We acknowledge the limitation that the unblinded observers had to be familiar with collecting intraoperative data and that this could be a potential source of bias. However, the attending anesthesiologists were not informed of the actual measurements (i.e., time to intubate), and there were protocol predefined end points that constituted how such measurements were to be recorded. Hemodynamic measurements were considered to be objective measures as these were timed intervals preset on the anesthesia machine. The anesthesiologist, at the request and in conjunction with the research coordinator, made the assessment for the presence or absence of trauma and/or mucosal bleeding. While both were not blinded to the intubation technique, both had to agree to the presence or absence of trauma and/or bleeding.

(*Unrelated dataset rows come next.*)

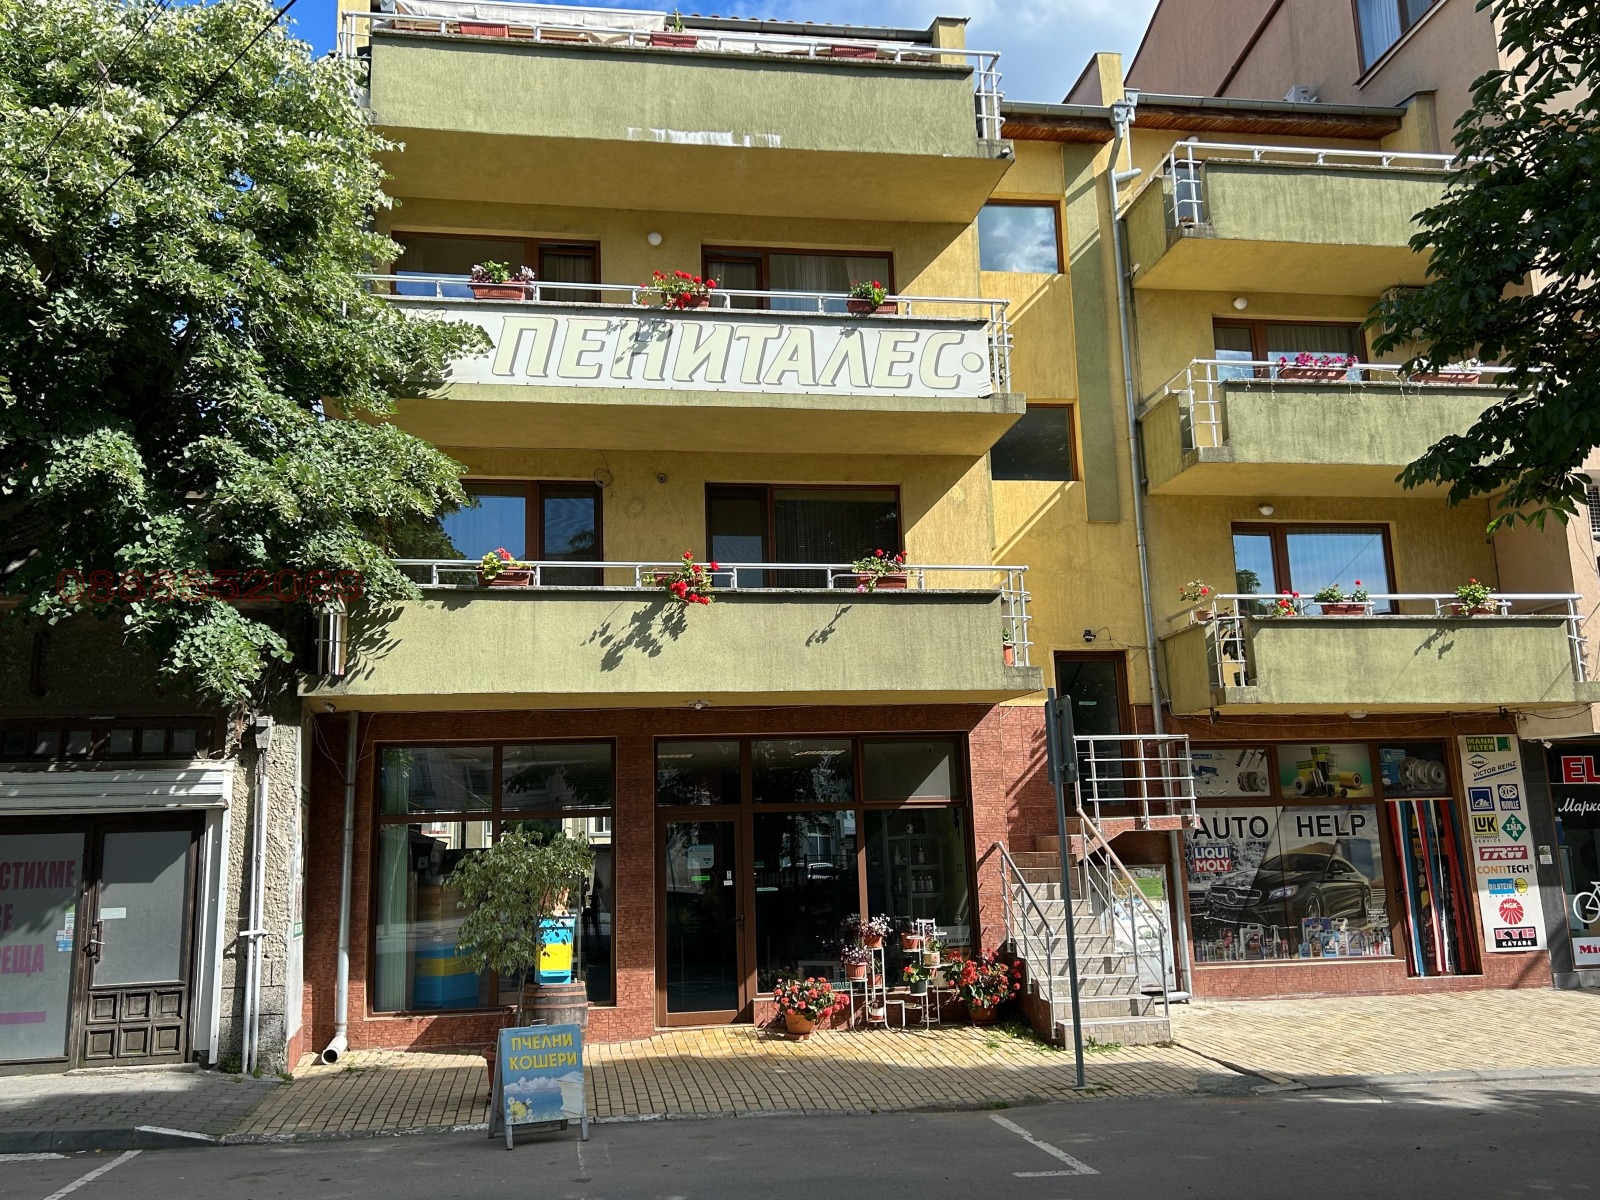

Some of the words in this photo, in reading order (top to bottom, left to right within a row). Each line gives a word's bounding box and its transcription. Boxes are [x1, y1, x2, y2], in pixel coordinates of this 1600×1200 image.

[492, 315, 965, 389] ПЕНИТАЛЕС
[1473, 767, 1496, 778] VICTOR
[1498, 760, 1517, 770] REINZ
[1193, 815, 1269, 839] AUTO
[1296, 814, 1366, 838] HELP
[1194, 846, 1229, 860] LIQUI
[1481, 846, 1525, 860] TRW
[1195, 859, 1231, 872] MOLY
[1488, 882, 1513, 891] BILSTEIN
[1495, 928, 1536, 940] KYB
[511, 1033, 573, 1051] ПЧЕЛНИ
[508, 1051, 577, 1071] КОШЕРИ

Our power calculation assumed independent observations, while our primary outcome is non-independent data; however, since paired data typically require a smaller sample size, we thus considered we had adequate power. We assumed from previous publications that the incidence of difficult airways with MILS using a Macintosh laryngoscope would be 65%. However, in our study, there were only 43.6% of subjects who had a “poor laryngoscopic view.” This resulted in our study being underpowered as shown by a post-hoc power analysis, and this may have been due to applying a definition of “poor laryngoscopic view” that was too strict.

In conclusion, our study suggests that indirect laryngoscopy with the LFS in conjunction with the Macintosh laryngoscope in simulated difficult airways does not improve the safety or efficacy of tracheal intubation as measured by the Cormack-Lehane scale.